La Terrasse

"La culture est une résistance à la distraction" Pasolini

Théâtre - Critique

La Coupe et les lèvres

La Coupe et les lèvres - Critique sortie Théâtre
Légende : onze comédiens, chœur et personnages de Musset.

Publié le 10 octobre 2010

Ce n’est pas à un classique de Musset, ni d’ailleurs à une véritable pièce, que Jean-Pierre Garnier s’est attaqué. Avec onze jeunes comédiens, son choix de privilégier un travail choral était-il le meilleur moyen de faire entendre La Coupe et les lèvres ?

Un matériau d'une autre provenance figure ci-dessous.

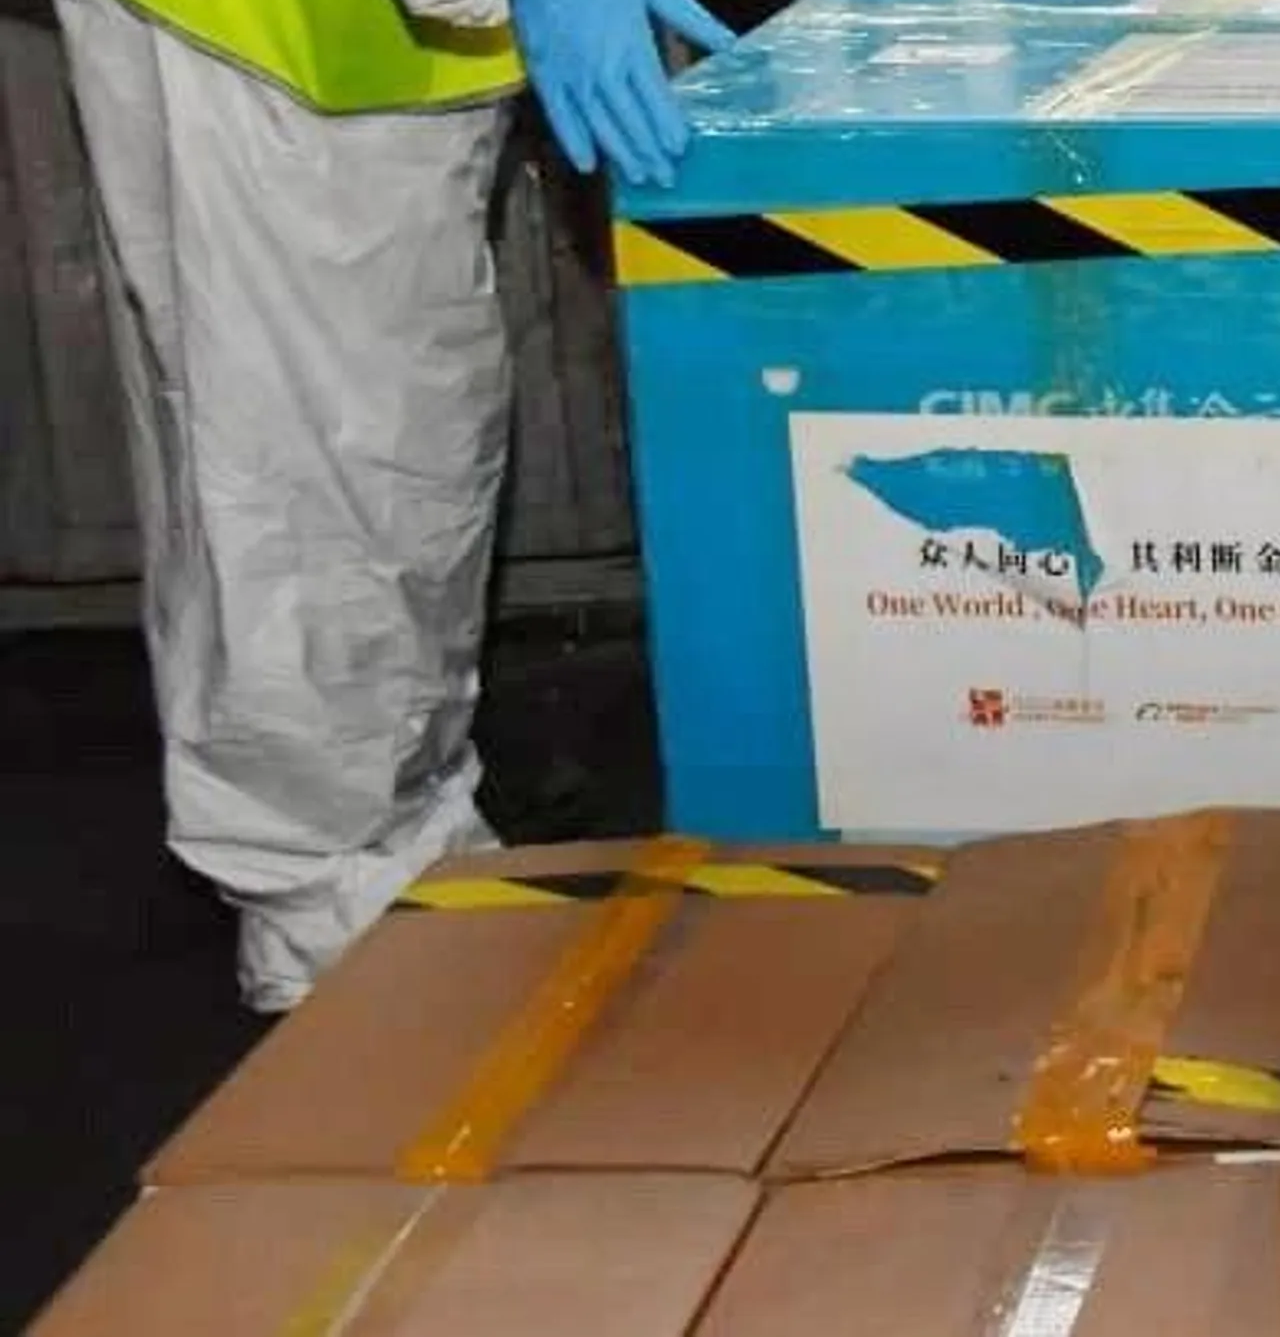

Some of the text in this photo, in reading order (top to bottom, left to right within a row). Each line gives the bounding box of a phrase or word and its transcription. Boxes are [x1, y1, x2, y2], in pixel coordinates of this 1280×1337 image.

[867, 591, 924, 616] One
[1116, 593, 1208, 624] Heart,
[1215, 596, 1276, 621] One

Drame ou poème ? Fâché des échecs de ses pièces précédentes, Musset publie en 1832 un recueil intitulé Spectacle dans un fauteuil. Le titre indique clairement que l’auteur compte dorénavant être lu plutôt que représenté. Dans ce recueil, La Coupe et les lèvres, drame en 5 actes, est d’ailleurs davantage le résultat d’une écriture poétique que scénique. On y retrouve, à travers des alexandrins parfois peu académiques qui nourrissent de longues tirades, les habituelles obsessions d’un Musset déchiré toute sa vie entre l’aspiration à la pureté et la conscience lancinante des forces sombres qui dictent ses comportements et dirigent le monde. Longtemps réservé aux jeunes filles, pour ses poèmes d’amour, Musset est aujourd’hui largement considéré comme l’écrivain de l’adolescence perdue : quand les idéaux fleurissants de la jeunesse se heurtent aux réalités cruelles du monde adulte.

Romantiques révoltés et réactionnaires

C’est d’ailleurs dans cette perspective d’ausculter le malaise de la jeunesse de ce début de siècle, qu’après Les Enfants de Bond et L’éveil du printemps de Wedekind, Jean-Pierre Garnier met en scène ce texte. En témoignent l’âge moyen de sa troupe et le parti pris d’intégrer quelques extraits des Confessions d’un enfant du siècle : ce qui se joue ici est la question d’une révolte de la jeunesse d’aujourd’hui. Car dans ce poème dramatique – catégorisons-le ainsi – Franck Charles commence par brûler la maison paternelle – tout un symbole – avant de partir dans une vie d’errance où ni l’armée, ni la religion, ni l’argent ne lui offrent de bonnes raisons de vivre. Musset est né au début d’un siècle qui se lamentera longtemps de l’embourgeoisement de la société et de la perte de ses valeurs. Déjà. C’est toute l’ambiguïté des romantiques à la fois révoltés et réactionnaires. Et dans cette quête d’idéal, l’amour lui aussi est à la peine. Il se fait difficilement une place, tiraillé entre deux figures féminines typiques et contrastées : une prostituée et une jeune innocente qui déchirent le cœur du personnage. Porté par une diction qui fait entendre un scrupuleux respect des règles de la métrique, le texte peine parfois à se faire comprendre dans ce travail choral millimétré, et parfaitement exécuté, où l’ensemble des comédiens s’échange les rôles, les double, les triple, diffracte des répliques en canon, ou se les passe en relais. A force d’effets de groupe, le jeu se fait haché, maniéré aussi, sauf celui plus naturel et touchant de Marie Nicolle. Et l’ironie de Musset, son autodérision, se perdent dans la souffrance de ses personnages, son pittoresque dans le cliché, le talent des comédiens dans un engagement certes intense et entier, mais qui aurait gagné à être moins contrôlé.

Eric Demey


La Coupe et les lèvres d’Alfred de Musset, mis en scène de Jean-Pierre Garnier. Du 22 septembre au 24 octobre au Théâtre de la Tempête. Du mardi au samedi à 20h, le dimanche à 16h30. La Cartoucherie, 75012 Paris. Tél : 01 43 28 36 36. Durée du spectacle : 2h.